Happy Thursday, and welcome to BeyondTVPI.

Later this month, I’ll be visiting one of the large Danish Pension Funds to do a deep dive on their investment strategy and what could be improved or systematized.

It made me revisit the topic of the first GP meeting and how we did it. Naturally, we had written goals and processes for it.

A first GP meeting is 60 minutes. The GP arrives with a deck and a plan. They know what they want to cover, in what order, and which slides to linger on. They have answers ready for the hard questions.

But, how does an LP arrive at a meeting?

For me, the answer was always the same: I needed to be able to rate this GP across five areas - investment strategy, value creation, organization, results, and terms - and feel confident enough in each score to defend it.

That became my defined outcome. Everything I did in the meeting followed from it. And everyone across the organization did the same.

Over time, this paid dividends as valuable discipline and infrastructure, that ensured we evaluated every manager the same - no matter who participated in the meeting.

The First Three Minutes

Before I asked anything about the GP, I talked about us.

Three to five minutes.
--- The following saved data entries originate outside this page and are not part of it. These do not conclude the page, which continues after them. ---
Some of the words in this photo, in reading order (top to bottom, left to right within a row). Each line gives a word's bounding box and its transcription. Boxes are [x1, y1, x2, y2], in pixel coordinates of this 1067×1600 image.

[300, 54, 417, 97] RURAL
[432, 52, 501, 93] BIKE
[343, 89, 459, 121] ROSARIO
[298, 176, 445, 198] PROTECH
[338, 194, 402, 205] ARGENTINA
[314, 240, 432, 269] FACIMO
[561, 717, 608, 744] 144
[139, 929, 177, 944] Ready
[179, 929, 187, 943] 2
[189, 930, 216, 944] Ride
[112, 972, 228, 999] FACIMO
Who we were, what we invested in, a few of our prior commitments - named, specific.

This wasn't courtesy. It was positioning.
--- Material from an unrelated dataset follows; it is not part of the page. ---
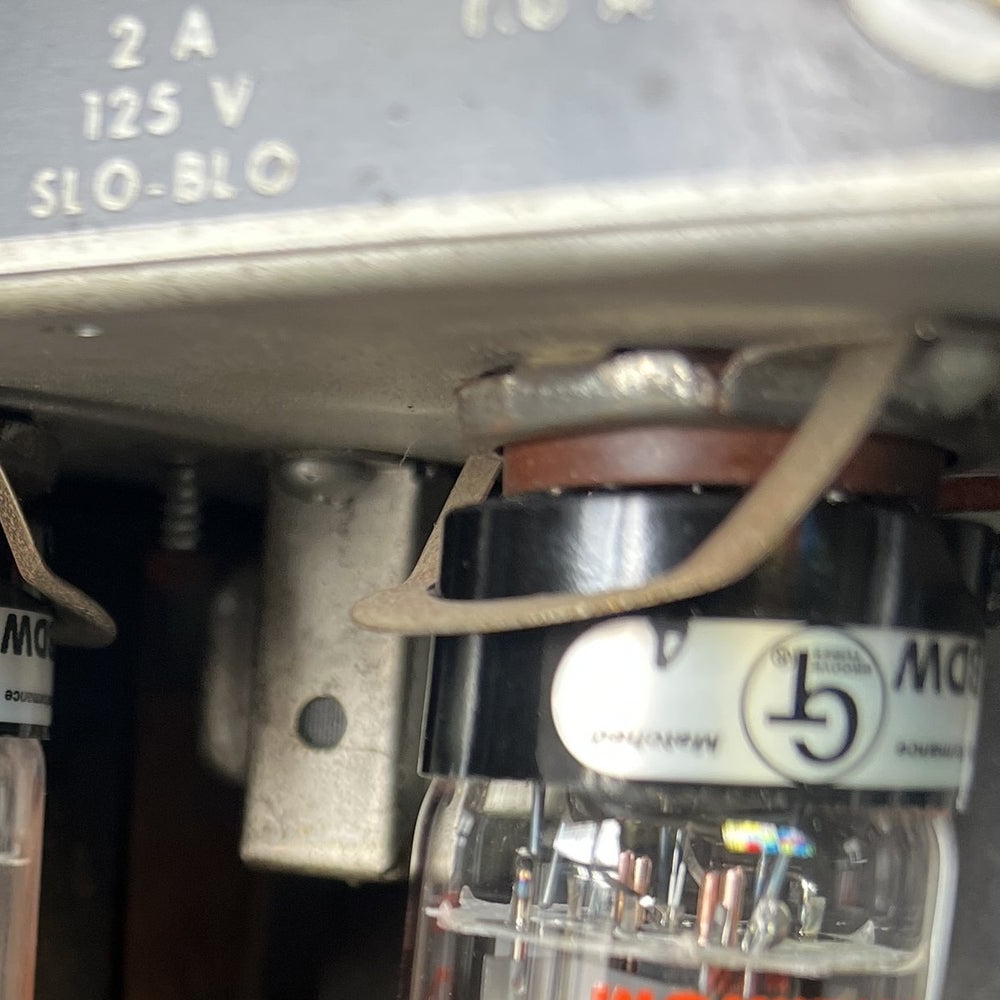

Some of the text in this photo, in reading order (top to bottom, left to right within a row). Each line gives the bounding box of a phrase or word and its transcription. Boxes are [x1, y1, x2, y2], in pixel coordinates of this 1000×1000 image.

[107, 6, 217, 69] 2 A
[82, 73, 254, 140] 125 V
[30, 139, 297, 219] SLO-BLO
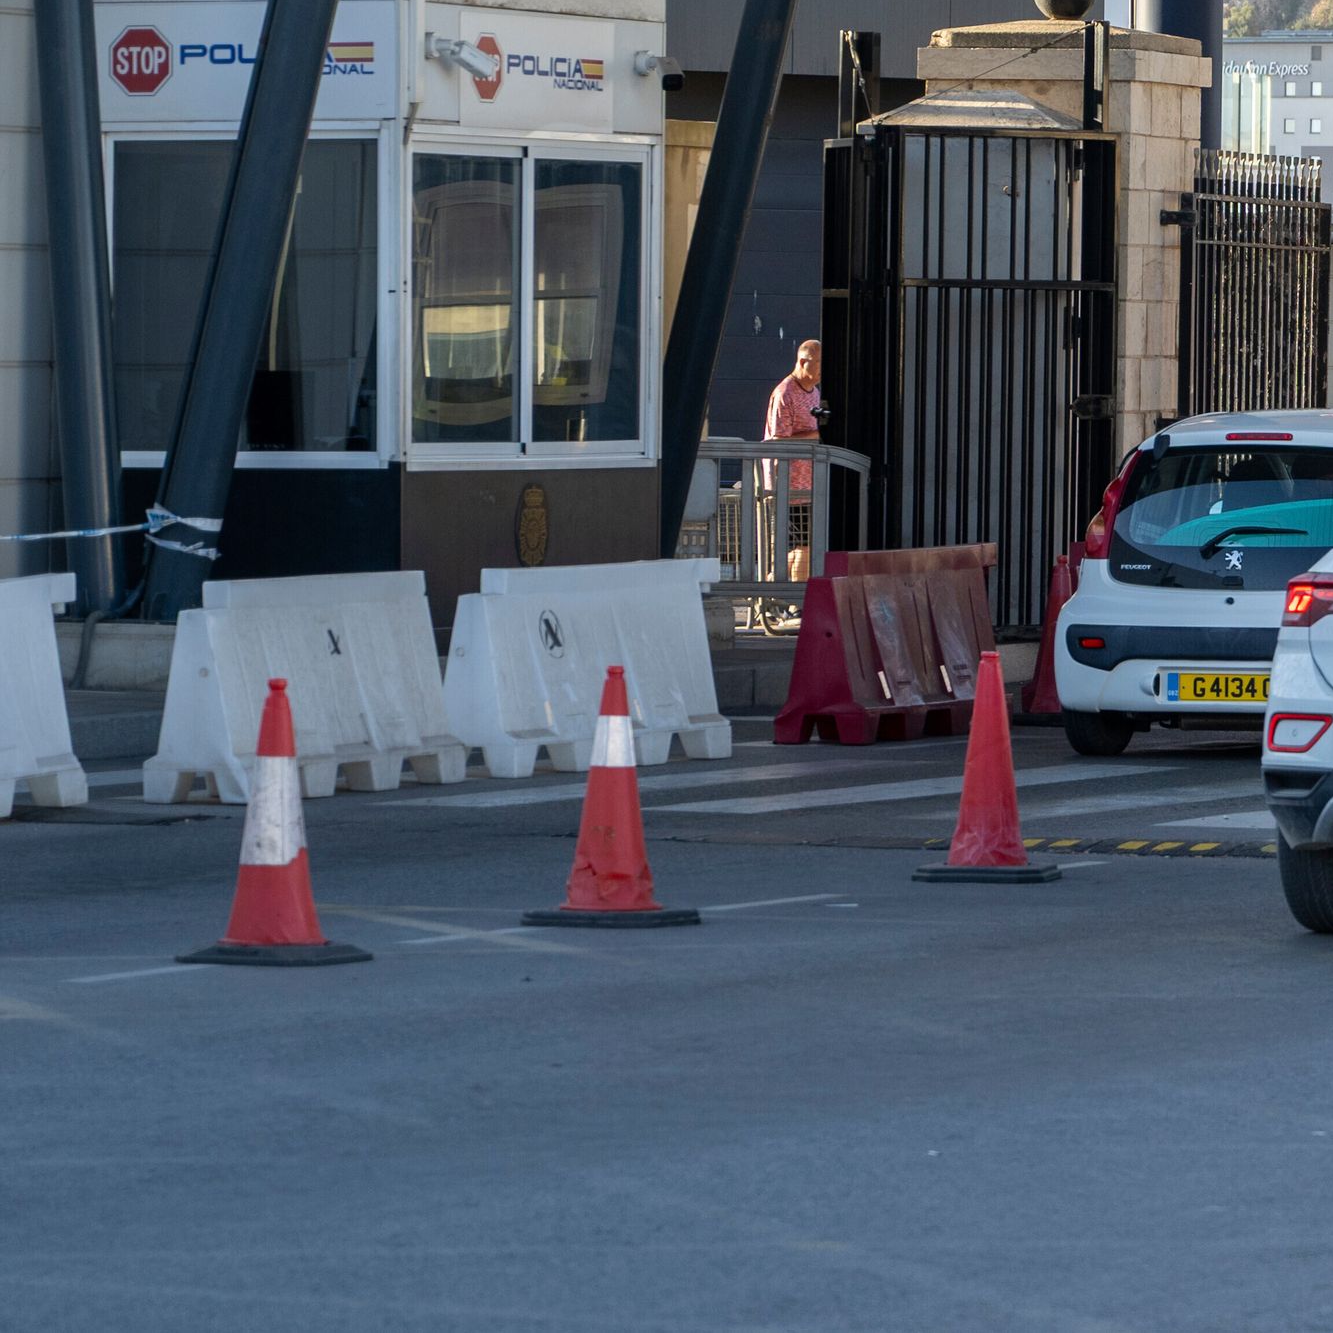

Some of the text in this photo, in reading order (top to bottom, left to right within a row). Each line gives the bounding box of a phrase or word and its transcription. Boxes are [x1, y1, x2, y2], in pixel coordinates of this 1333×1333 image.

GPs are not just evaluating your cheque. They're evaluating whether you're a professional, informed LP. Whether you understand their strategy. Whether you're a tourist or not.
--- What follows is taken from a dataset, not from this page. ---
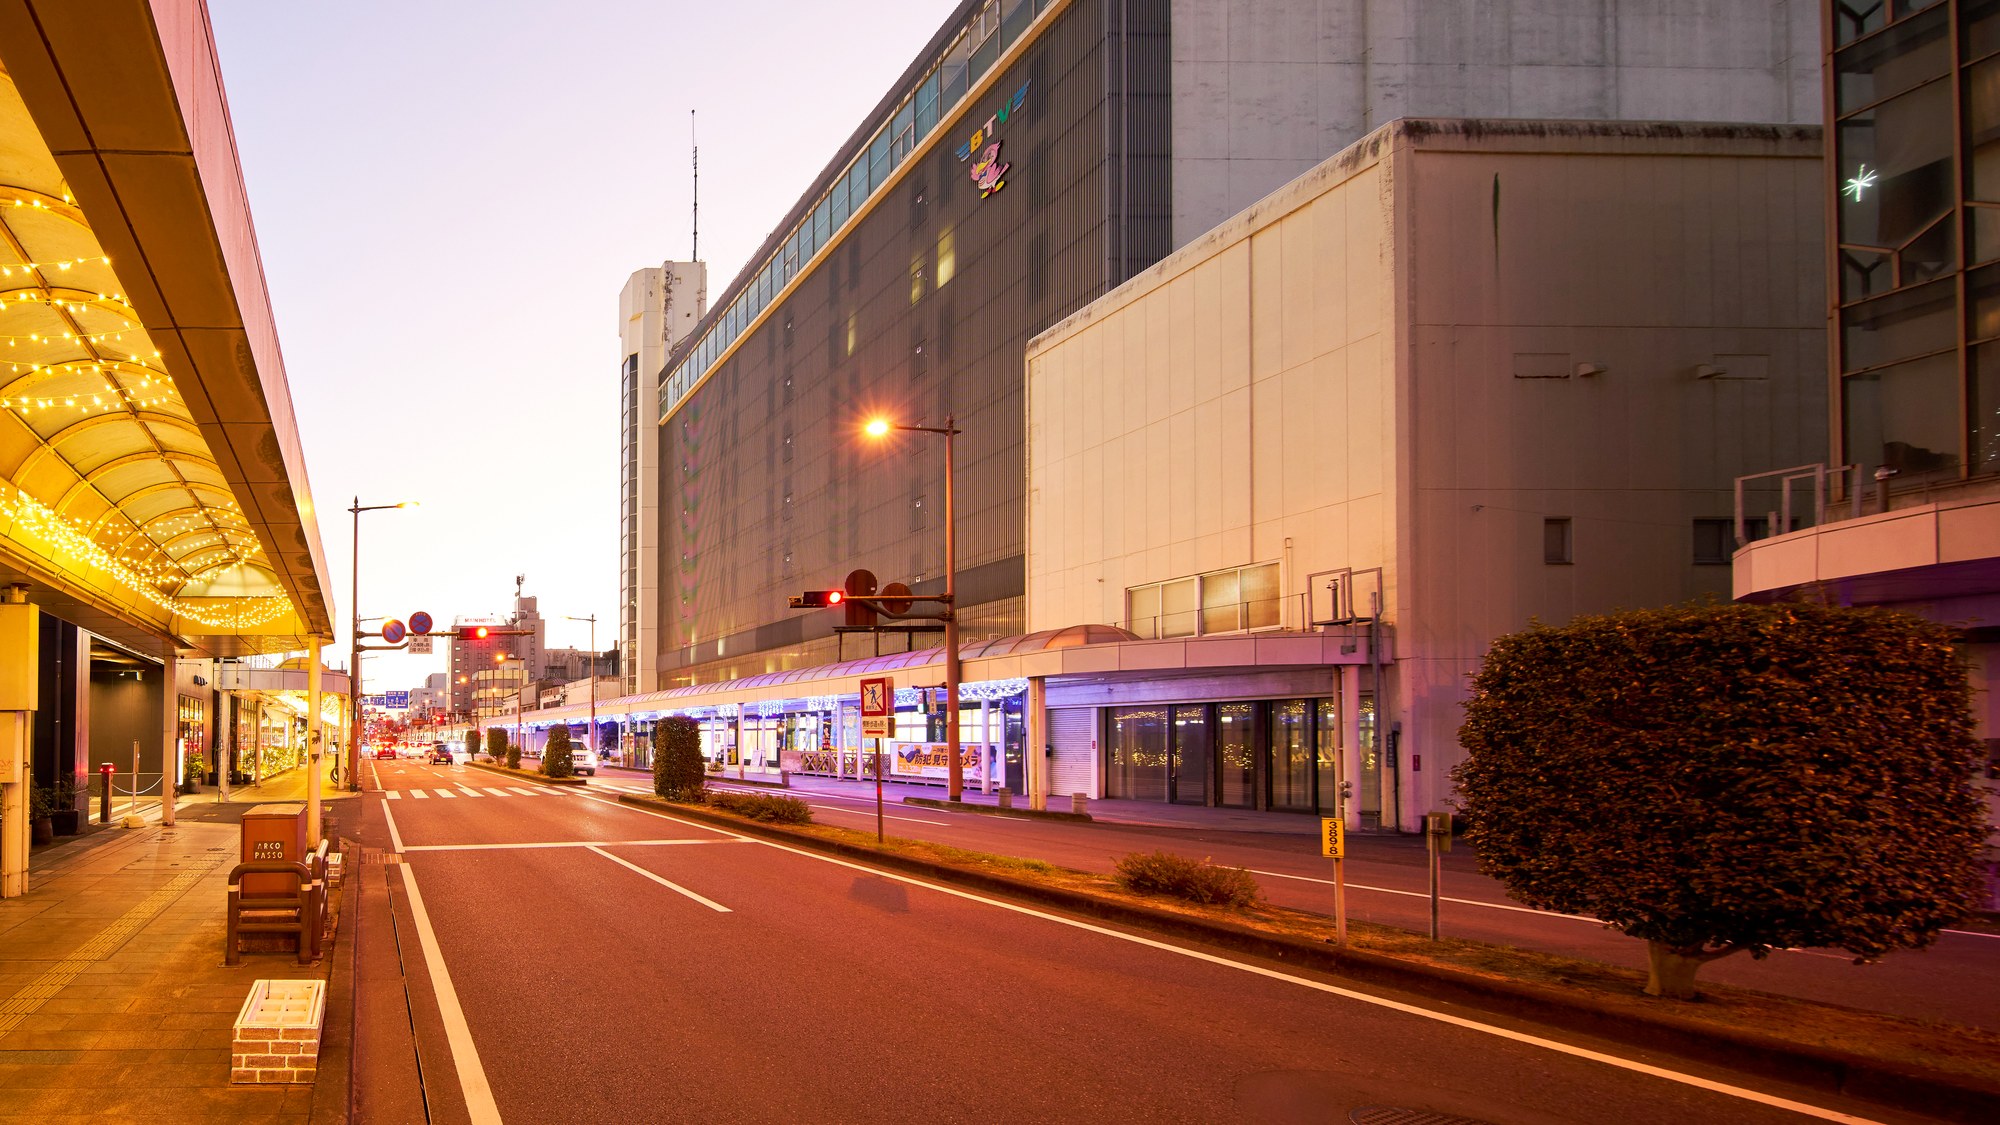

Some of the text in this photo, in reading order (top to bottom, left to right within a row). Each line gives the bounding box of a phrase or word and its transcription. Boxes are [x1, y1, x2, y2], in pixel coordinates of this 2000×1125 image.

[970, 98, 1013, 154] BTV
[257, 842, 281, 850] ARCO
[254, 851, 283, 860] PASSO
In a world where access to the best managers is genuinely scarce, that three-to-five minutes is probably the most underused move in a first meeting.

What I Was Actually Listening For

Results and terms I usually had from the deck already, or I'd ask briefly if not. One thing I always made sure to get, regardless: their expected fundraising timeline. When are they next in market? What's the target size? A GP who says "probably 2027, targeting $1.5bn" and comes back in 2026 at $2bn is telling you something - but only if you wrote down what they said the first time.

But that's not where the meeting lives.

The real work was investment strategy, value creation, and organization. And across all three, I was testing for one thing: a red thread.

Not a strategy covering consumer, industrials, and services with some turnaround here and some growth there. A clear, specific identity: this is who we are, this is what we do, this is why we're better at it than anyone else.

The model itself didn't matter much. Buy-and-build, CEO-first, operational turnaround - all of these can work. What I was looking for was whether the GP could articulate their edge with precision and consistency.

The commitment that almost never was

I remember one meeting where we were about 20 minutes in, heading into case studies. We'd covered strategy, value creation, organization. Their returns were good - I already had those. But I stopped and realized I couldn't do it. I couldn't rate them. I couldn't articulate who they were or what made them different.

So we didn't go to the case studies yet. We spent another 10 minutes on their process - how they actually operated inside a company, who drove what, what their playbook looked like in practice.

Then we did the case studies. And suddenly everything clicked. What had seemed like a competent but unremarkable pitch became coherent. The ratings fell into place.

That turned out to be one of my best commitments.

Seven years on, it's clear first quartile on TVPI, IRR, and DPI - and among the relatively few post-2019 vintages already showing real DPI.

The 10-minute detour was the meeting. The case studies just confirmed what I had already started to believe.

Setting the Rating

After every meeting, I'd set a rating - A to E - across each of the five areas, then roll it up to one overall score.

It wasn't scientific. But it forced me to confront each dimension explicitly rather than letting the parts I liked colour everything else. And over time, the discipline of scoring every meeting meant my judgement got better - the rating after a first meeting was rarely dramatically off from where we ended up after full diligence.

That's the payoff of having a defined outcome: it trains your judgement across hundreds of meetings, not just one.

Most experienced LPs already do some version of this, informally. After enough meetings, you develop a feel - and some are genuinely good at reading a GP in a room. The issue isn't the assessment. It's that it stays in their head.

A rating that lives in a notebook, or worse, in someone's memory, depreciates. Every personnel change, every handover, every re-engagement with a GP years later - the context degrades. What should be institutional memory becomes personal memory. And personal memory is not infrastructure.

The question I'd sit with: could any member of your IC reconstruct a ten-year GP relationship history - independently, from your records, within minutes? If the answer is uncertain, the issue isn't the meetings. It's what happens after them.

The "More Art Than Science" Trap

I know some LPs will disagree with this.